◆ Work required ◆
Reproduce the records exactly. Leave the pictures out.

◆ Dataset entries ◆
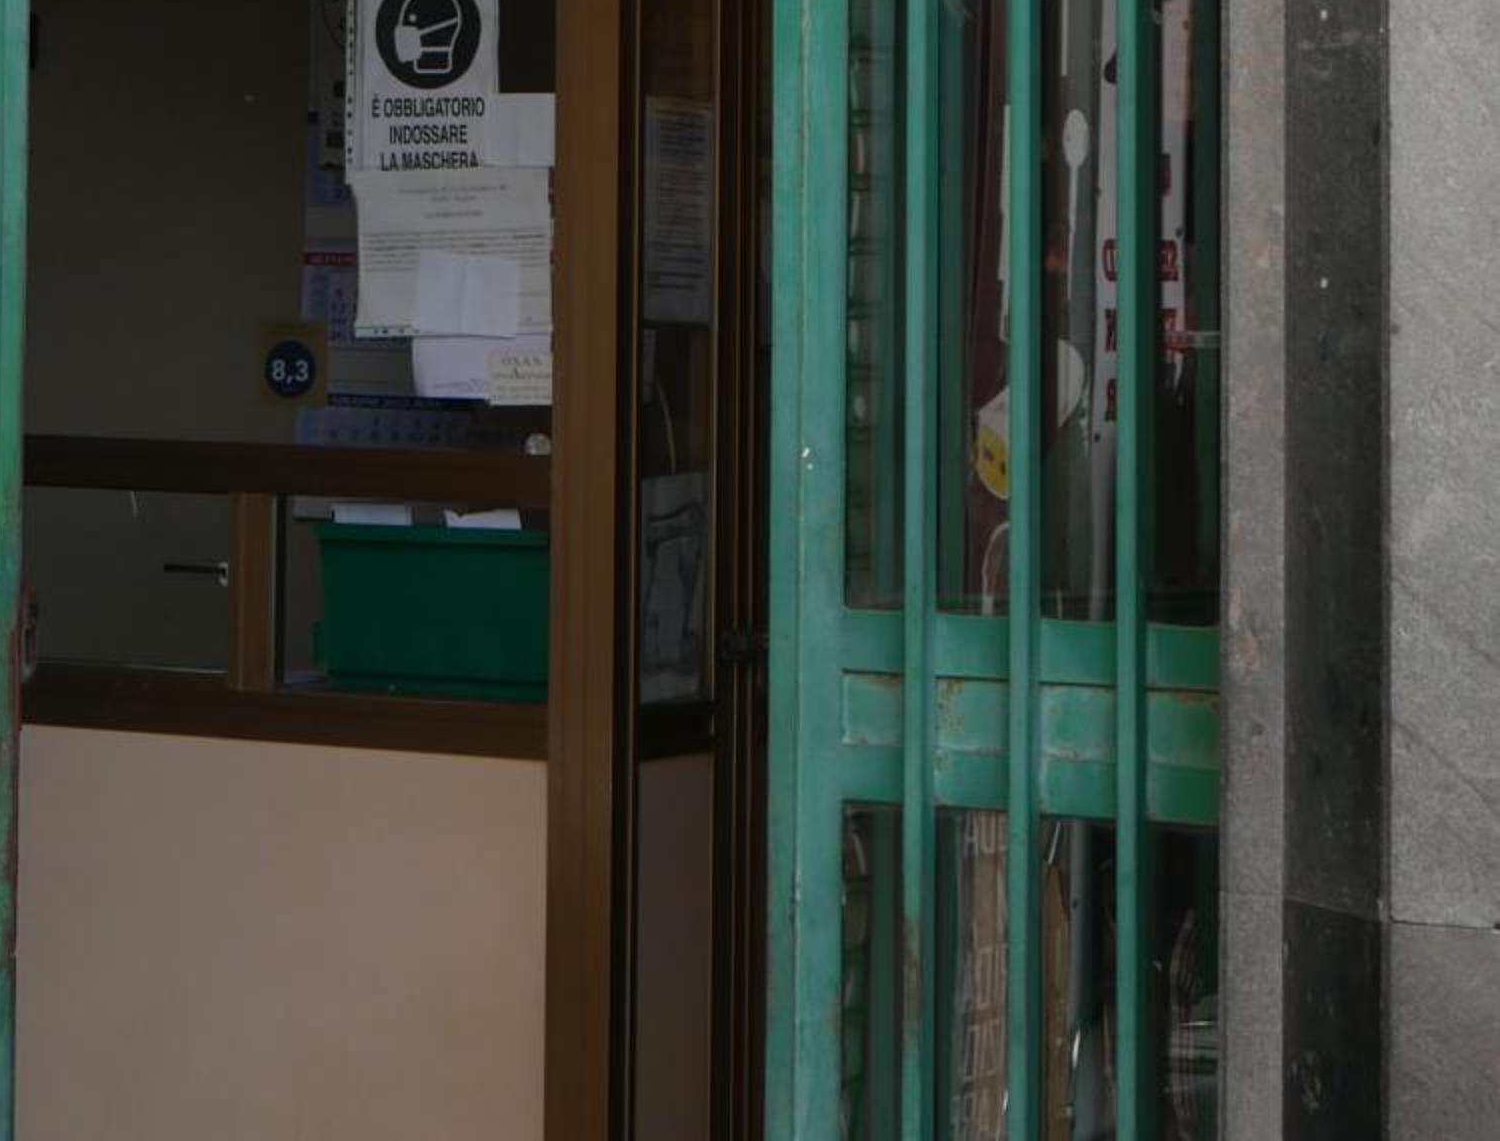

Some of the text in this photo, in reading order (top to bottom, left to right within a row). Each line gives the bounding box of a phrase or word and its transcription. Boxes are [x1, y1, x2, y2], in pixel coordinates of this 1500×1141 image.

[383, 95, 485, 118] OBBLIGATORIO
[389, 124, 468, 145] INDOSSARE
[381, 150, 479, 171] LA MASCHERA
[271, 359, 310, 386] 8,3

◆ Your response ◆
Some of the text in this photo, in reading order (top to bottom, left to right within a row). Each line gives the bounding box of a phrase or word and its transcription. Boxes are [x1, y1, x2, y2], in pixel coordinates of this 1500×1141 image.

[383, 95, 485, 118] OBBLIGATORIO
[389, 124, 468, 145] INDOSSARE
[381, 150, 479, 171] LA MASCHERA
[271, 359, 310, 386] 8,3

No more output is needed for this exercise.